(Beginning of Working data)

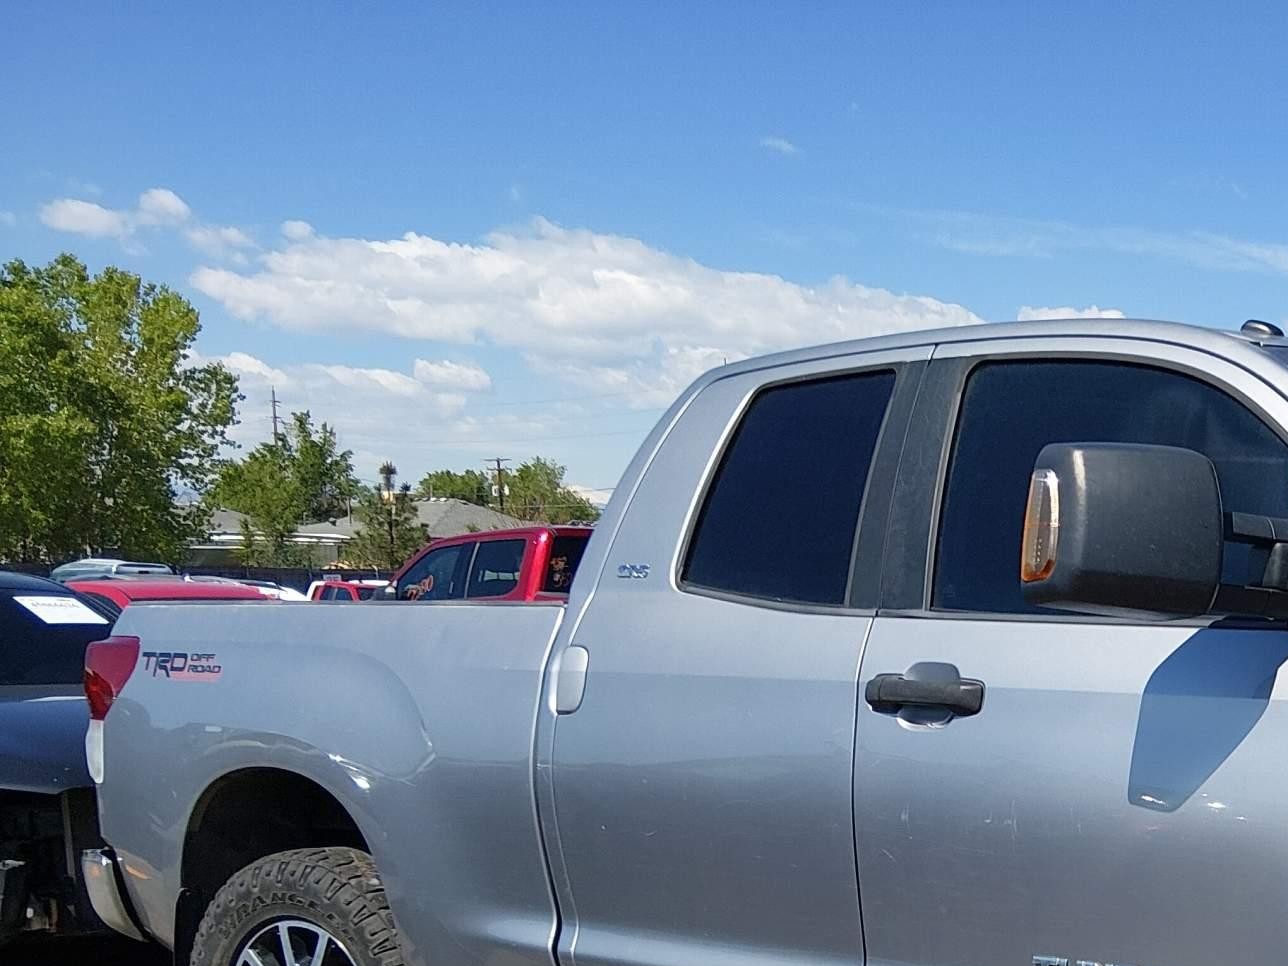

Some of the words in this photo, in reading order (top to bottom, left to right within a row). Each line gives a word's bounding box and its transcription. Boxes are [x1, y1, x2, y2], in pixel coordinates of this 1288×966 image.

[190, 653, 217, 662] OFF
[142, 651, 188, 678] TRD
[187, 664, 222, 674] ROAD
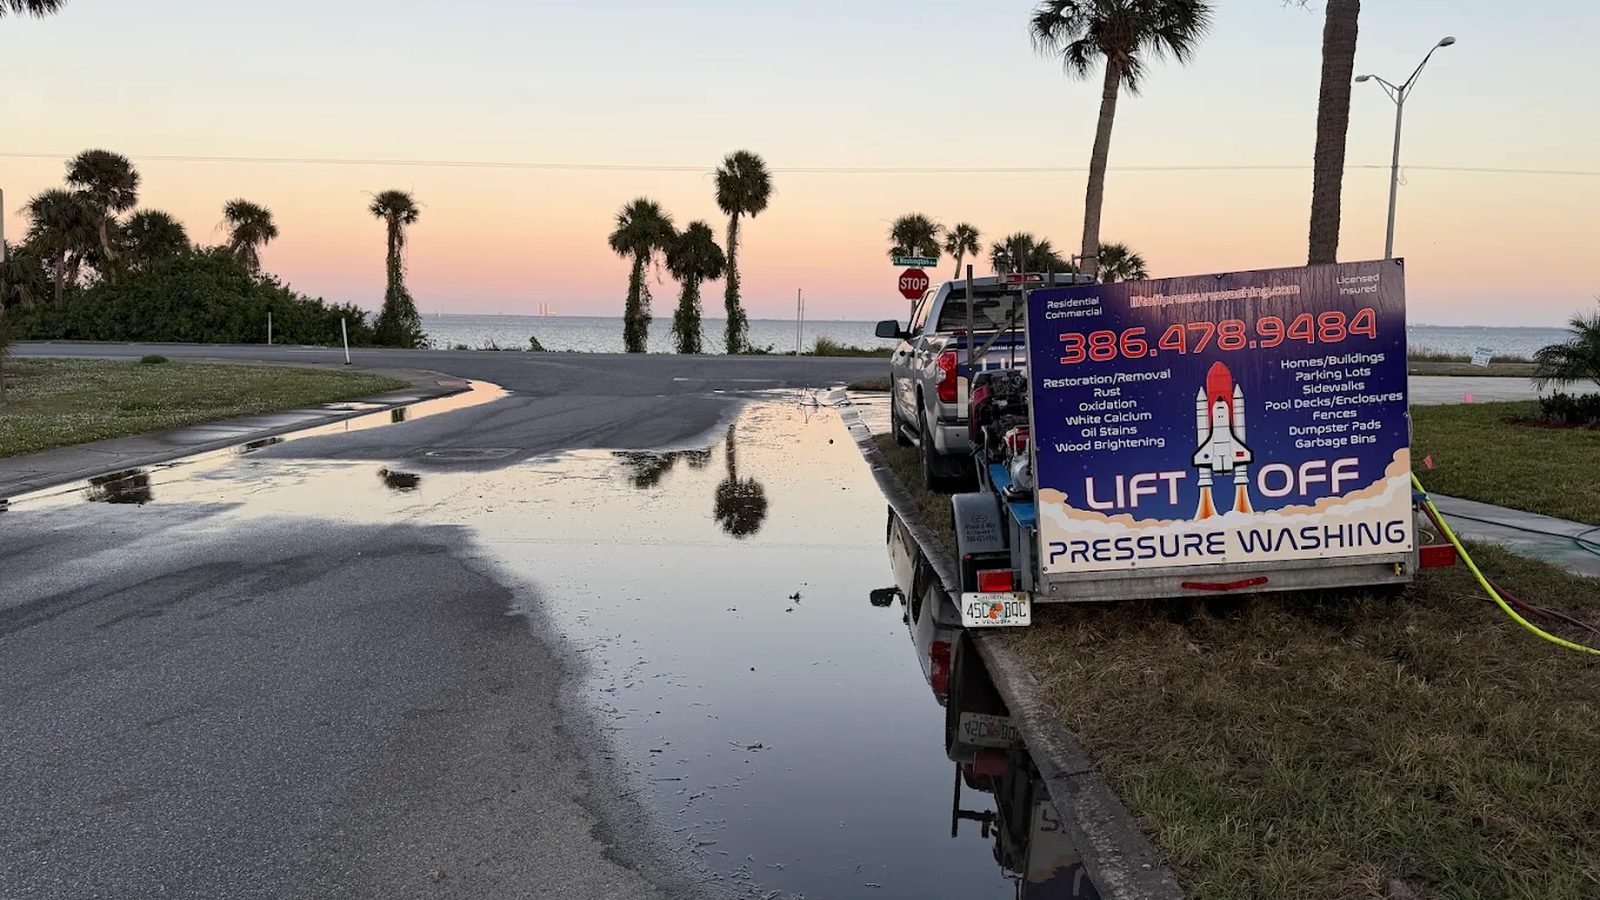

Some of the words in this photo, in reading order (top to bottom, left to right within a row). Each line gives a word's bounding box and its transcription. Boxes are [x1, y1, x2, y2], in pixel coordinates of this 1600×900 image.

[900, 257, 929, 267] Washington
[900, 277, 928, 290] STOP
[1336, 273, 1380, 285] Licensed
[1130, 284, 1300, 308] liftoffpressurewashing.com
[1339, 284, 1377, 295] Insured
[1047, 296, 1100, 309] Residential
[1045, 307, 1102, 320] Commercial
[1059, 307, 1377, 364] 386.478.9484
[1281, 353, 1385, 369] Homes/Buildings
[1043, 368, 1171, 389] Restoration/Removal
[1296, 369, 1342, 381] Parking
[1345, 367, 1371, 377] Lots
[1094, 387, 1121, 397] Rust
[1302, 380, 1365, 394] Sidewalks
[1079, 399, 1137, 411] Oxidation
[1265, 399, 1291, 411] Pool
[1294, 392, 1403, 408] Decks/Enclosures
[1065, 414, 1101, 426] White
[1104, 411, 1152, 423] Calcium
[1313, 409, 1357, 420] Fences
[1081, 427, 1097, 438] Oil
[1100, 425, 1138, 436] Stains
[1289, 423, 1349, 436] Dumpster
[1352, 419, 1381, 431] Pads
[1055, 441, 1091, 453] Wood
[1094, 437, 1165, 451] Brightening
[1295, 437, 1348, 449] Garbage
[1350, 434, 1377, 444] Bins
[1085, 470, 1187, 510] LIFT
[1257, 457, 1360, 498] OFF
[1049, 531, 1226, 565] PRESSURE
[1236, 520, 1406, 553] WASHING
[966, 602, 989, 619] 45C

(End of Working data)

**What you need to do:**
Without copying any picture, write out the entries exactly.

**Task answer:**
Some of the words in this photo, in reading order (top to bottom, left to right within a row). Each line gives a word's bounding box and its transcription. Boxes are [x1, y1, x2, y2], in pixel coordinates of this 1288×966 image.

[190, 653, 217, 662] OFF
[142, 651, 188, 678] TRD
[187, 664, 222, 674] ROAD

Some of the words in this photo, in reading order (top to bottom, left to right within a row). Each line gives a word's bounding box and its transcription. Boxes are [x1, y1, x2, y2], in pixel coordinates of this 1600×900 image.

[900, 257, 929, 267] Washington
[900, 277, 928, 290] STOP
[1336, 273, 1380, 285] Licensed
[1130, 284, 1300, 308] liftoffpressurewashing.com
[1339, 284, 1377, 295] Insured
[1047, 296, 1100, 309] Residential
[1045, 307, 1102, 320] Commercial
[1059, 307, 1377, 364] 386.478.9484
[1281, 353, 1385, 369] Homes/Buildings
[1043, 368, 1171, 389] Restoration/Removal
[1296, 369, 1342, 381] Parking
[1345, 367, 1371, 377] Lots
[1094, 387, 1121, 397] Rust
[1302, 380, 1365, 394] Sidewalks
[1079, 399, 1137, 411] Oxidation
[1265, 399, 1291, 411] Pool
[1294, 392, 1403, 408] Decks/Enclosures
[1065, 414, 1101, 426] White
[1104, 411, 1152, 423] Calcium
[1313, 409, 1357, 420] Fences
[1081, 427, 1097, 438] Oil
[1100, 425, 1138, 436] Stains
[1289, 423, 1349, 436] Dumpster
[1352, 419, 1381, 431] Pads
[1055, 441, 1091, 453] Wood
[1094, 437, 1165, 451] Brightening
[1295, 437, 1348, 449] Garbage
[1350, 434, 1377, 444] Bins
[1085, 470, 1187, 510] LIFT
[1257, 457, 1360, 498] OFF
[1049, 531, 1226, 565] PRESSURE
[1236, 520, 1406, 553] WASHING
[966, 602, 989, 619] 45C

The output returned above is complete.